Jiquilpan.

La comunidad artística local se unió a través de diversos foros para rememorar la partida de uno de los artistas plásticos más importantes de este país y cuya relación con su pueblo natal estuvo plagada de claroscuros.

Este primero de febrero se cumple el XIV aniversario de la partida del Feliciano Béjar Ruiz quien es reconocido como uno de los primeros artistas plásticos que incursionó en la reutilización de materiales para la creación de obras en disciplinas como la pintura, escultura y diseño arquitectónicos que le permitieron ganar presencia en ciudades de Estados Unidos, Europa incluso en Israel a invitación del gobierno de aquel país.

Provenientes del municipio de Cotija, la familia Béjar Ruiz, asentada ya en este municipio después de huir del saqueo realizado por el General Inés Chávez García, nunca logró integrarse de manera plena a la cotidianeidad de este municipio principalmente entre las familias de la clase pudiente de Jiquilpan, quienes recurrían regularmente a los que, a escondidas, llamaban “judíos” en busca de préstamos económicos o artículos varios como partituras o instrumentos musicales.

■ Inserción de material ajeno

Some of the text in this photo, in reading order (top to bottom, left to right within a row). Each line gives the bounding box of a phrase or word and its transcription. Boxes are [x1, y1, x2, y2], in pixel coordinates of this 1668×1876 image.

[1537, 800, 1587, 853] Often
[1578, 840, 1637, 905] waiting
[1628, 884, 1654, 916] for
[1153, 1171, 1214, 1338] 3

Comerciante de profesión, Feliciano Béjar, padre, logró consolidar un pequeño comercio que, a la postre, sería uno de los referentes comerciales de esta ciudad, la tienda El Porvenir en la que se conseguía prácticamente de todo desde artículos escolares, de oficina, de labranza, albañilería, herrería, artículos religiosos, era ese negocio una miscelánea inmensa que cabía en un cuarto de cuatro por cuatro.

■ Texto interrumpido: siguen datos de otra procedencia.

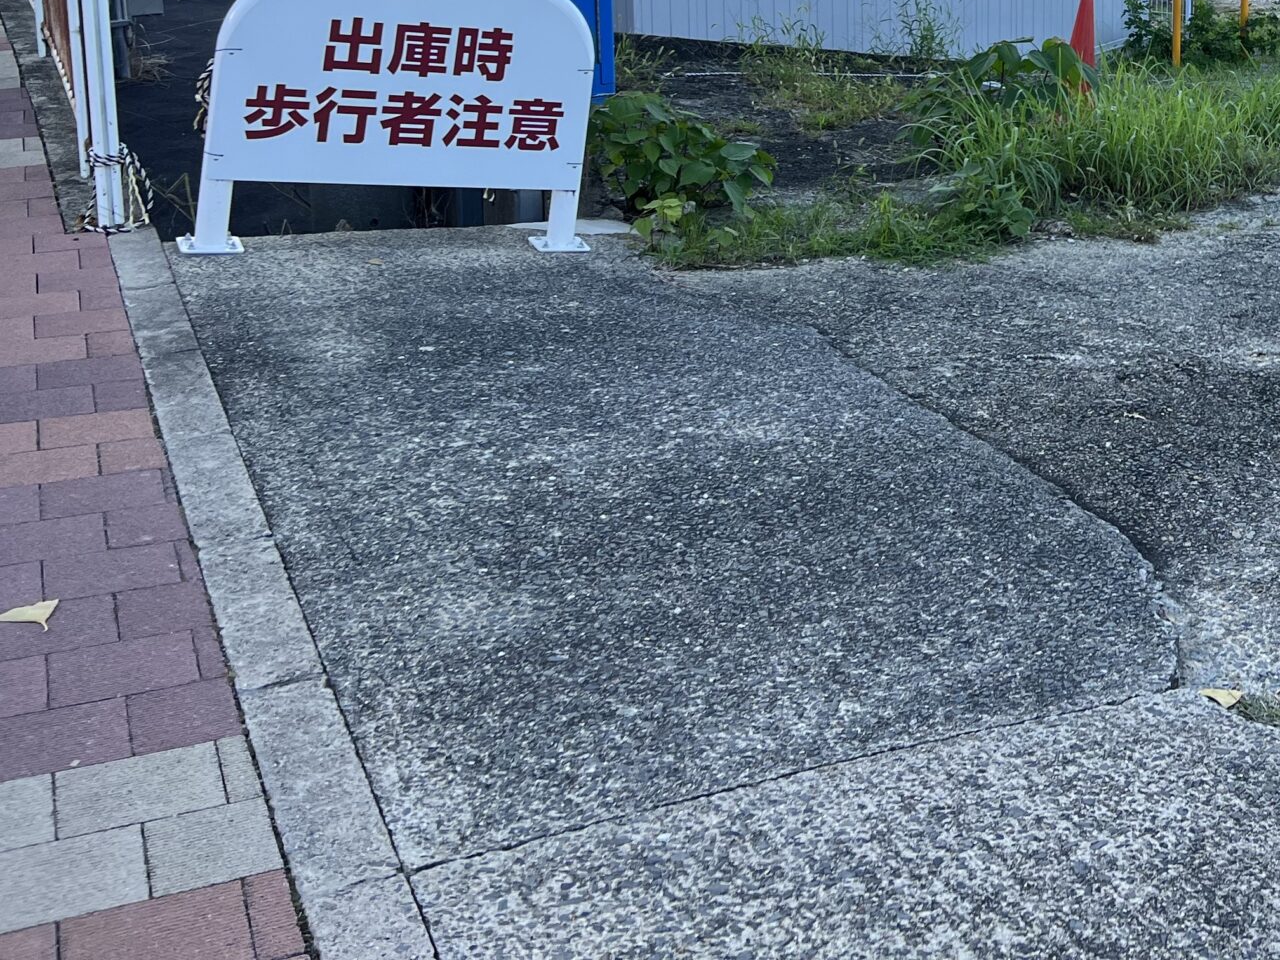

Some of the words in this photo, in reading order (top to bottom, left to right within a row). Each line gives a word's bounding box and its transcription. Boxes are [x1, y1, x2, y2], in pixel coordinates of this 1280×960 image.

[322, 17, 514, 82] 出庫時
[244, 84, 564, 152] 歩行者注意
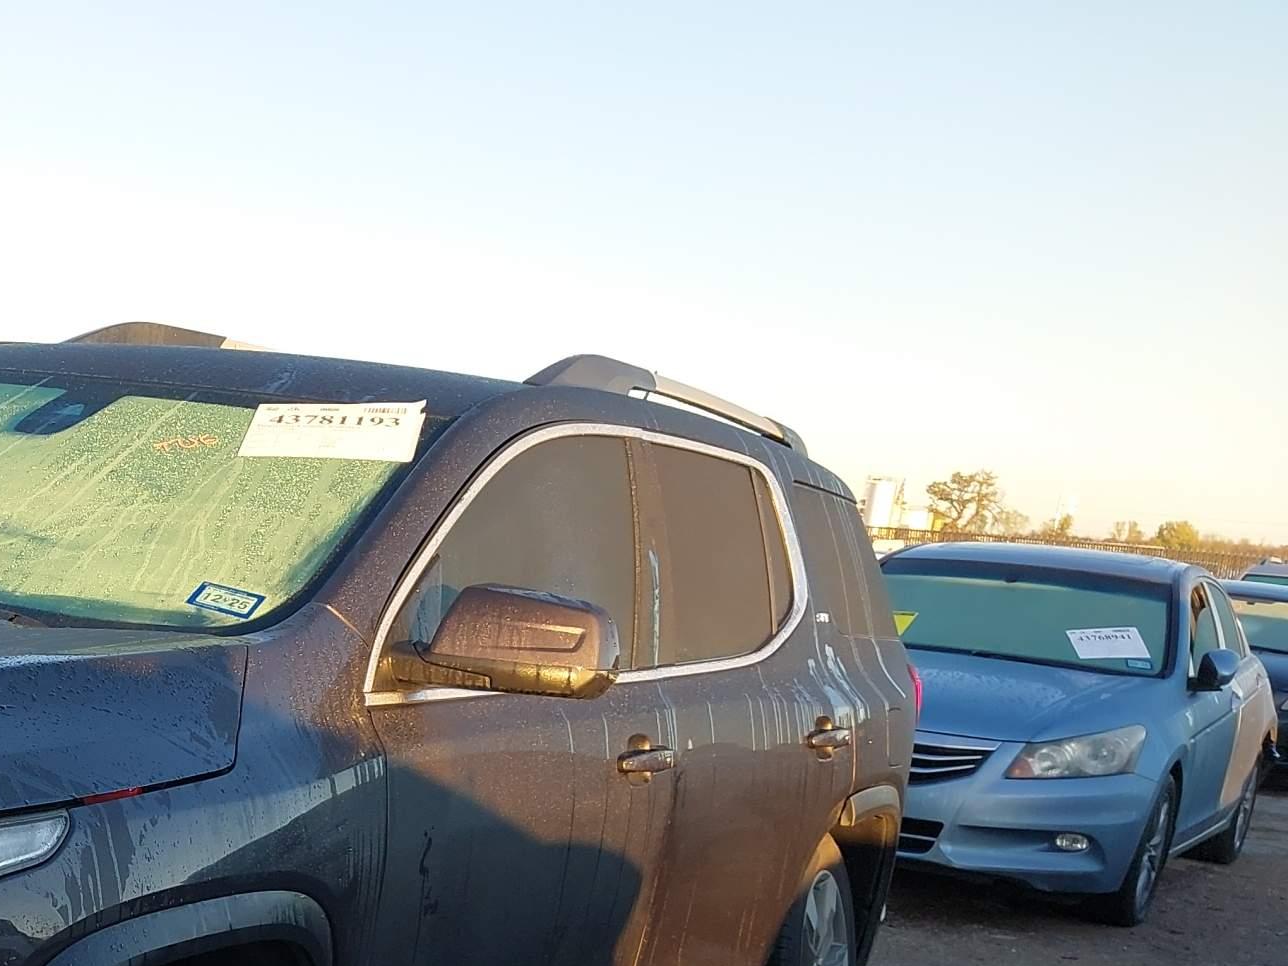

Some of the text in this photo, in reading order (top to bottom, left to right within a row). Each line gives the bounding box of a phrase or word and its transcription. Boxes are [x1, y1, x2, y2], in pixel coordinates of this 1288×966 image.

[269, 414, 400, 427] 43781193
[203, 592, 251, 610] 12 25
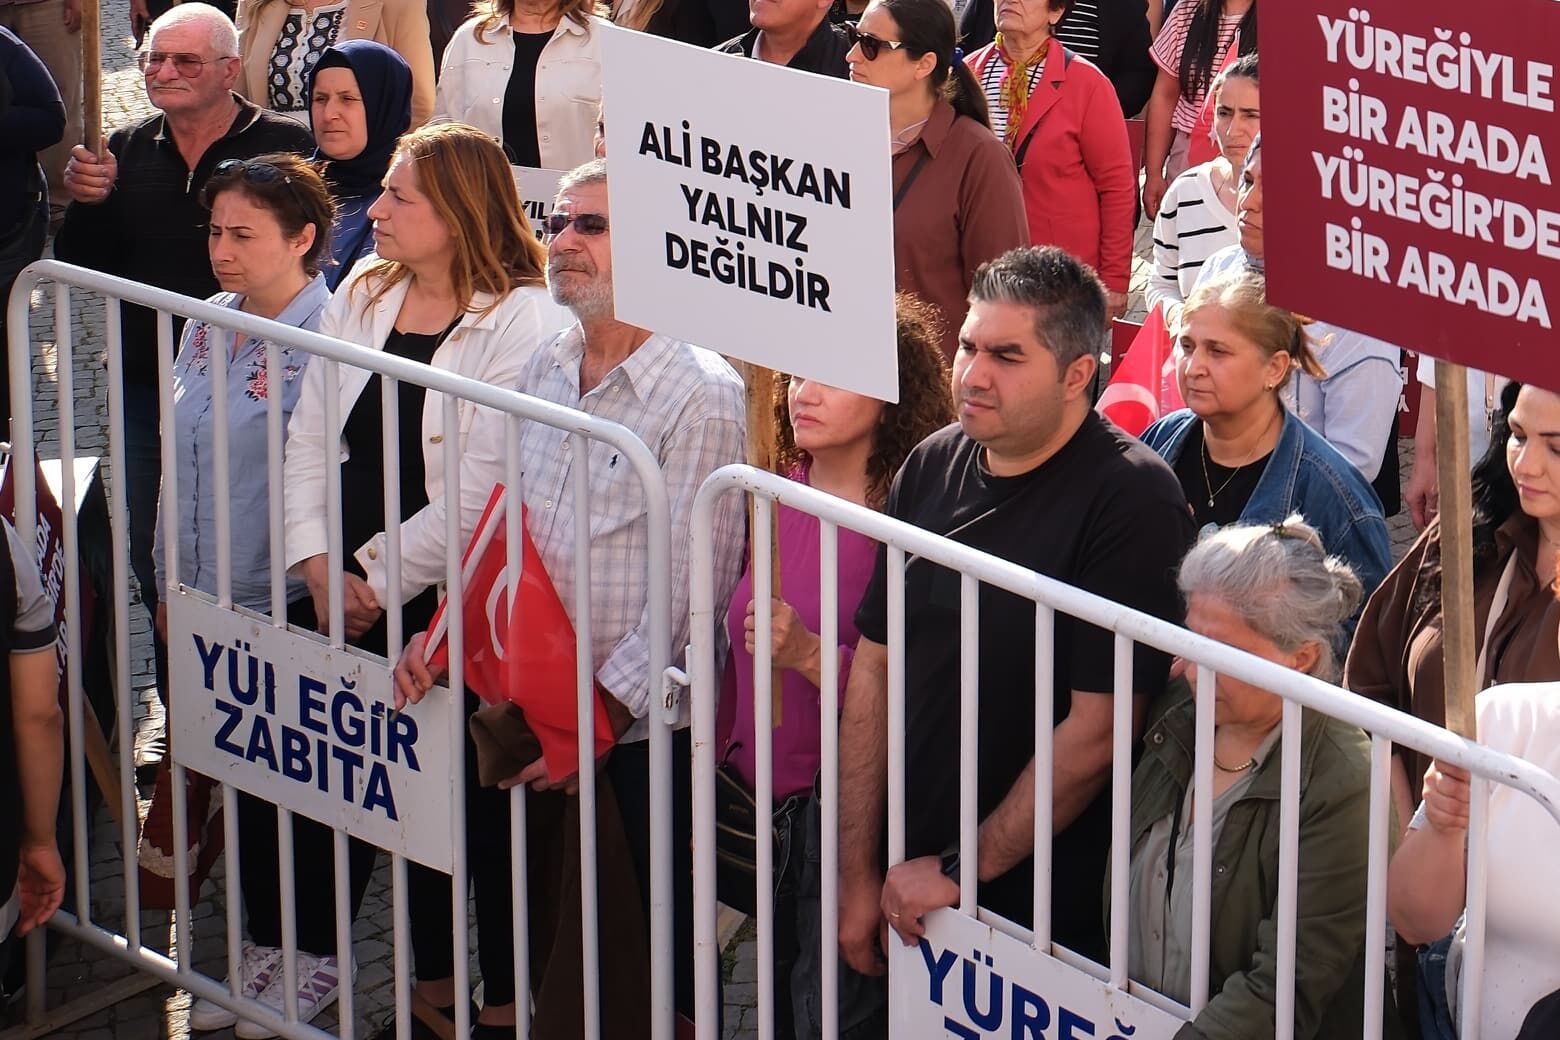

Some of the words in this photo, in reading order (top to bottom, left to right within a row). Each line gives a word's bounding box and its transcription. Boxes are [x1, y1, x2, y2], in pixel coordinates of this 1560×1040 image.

[1316, 7, 1555, 113] YÜREĞİYLE
[638, 119, 693, 169] ALİ
[701, 136, 851, 210] BAŞKAN
[1322, 78, 1389, 146] BİR
[1395, 105, 1552, 186] ARADA
[680, 183, 809, 253] YALNIZ
[665, 231, 832, 313] DEĞİLDİR
[1325, 216, 1391, 285] BİR
[1397, 245, 1553, 329] ARADA
[214, 697, 399, 822] ZABITA

En 1920 Feliciano Béjar Ruiz ve la luz en la que después sería conocida como Tierra de Los Cárdenas, Martín Foley, biógrafo del fallecido artista es una de las personas que con mayor puntualidad describe la personalidad y el entorno en el que se desarrolló uno de los hombres que lograron llevar el nombre de este pequeño pueblo michoacano de las cercanías del Lago de Chapala a las grandes salas de exposiciones de Estados Unidos y Europa; lo describe como nadador, futbolista, pintor, escritos, escultor, reciclador, locutor pero sobre todo  un verdadero visionario.

Uno de los pasajes de la vida de Feliciano Béjar que mejor refleja su carácter, fue la enfermedad de poliomielitis que sufrió durante su infancia y que le fue referida a Foley por Béjar Ruiz pues el artista contaba de su enfermedad, de la apatía de su padre que decía que era la voluntad de Dios, de la entereza de su madre para no aceptar y luchar contra ese destino: “Lo llevaba al molino, que era el único lugar donde había electricidad, para que le dieran toques en las piernas; le enterraba los pies en arena caliente del río y le pagaba a los muchachos del barrio para que le llenaran botellas de hormigas bravas que metía en alcohol para darle friegas en las piernas”. Decía Foley que el mismo Feliciano le decía que caminar era un truco que se le había olvidado por eso cuando aprendió a caminar decía que no quería dormir para no olvidar el truco de caminar.

Desde antes de su fallecimiento, la comunidad artística e intelectual de este municipio ha buscado que el nombre y la obra de Feliciano Béjar sean parte del ideario e imaginario colectivos sin embargo, la relación agridulce entre la familia Béjar Ruiz y la sociedad jiquilpense no ha permitido que esto se logre pues la relación entre Feliciano Béjar y su ciudad natal, estuvo plagada de altibajo, para él Jiquilpan era el mejor lugar del mundo, un lugar en que su padre, además de uno de los negocios más prósperos de la región había logrado establecer también una huerta de café que era el orgullo del artista cuando lo ofrecía en la capital del País en las reuniones de artistas e intelectuales nacionales y extranjeros, al mismo tiempo, Jiquilpan era un pueblo lleno de jiquilpenses, una sociedad estricta y moralista vista desde el exterior pero moralmente relajada cuando se le lograba conocer por dentro.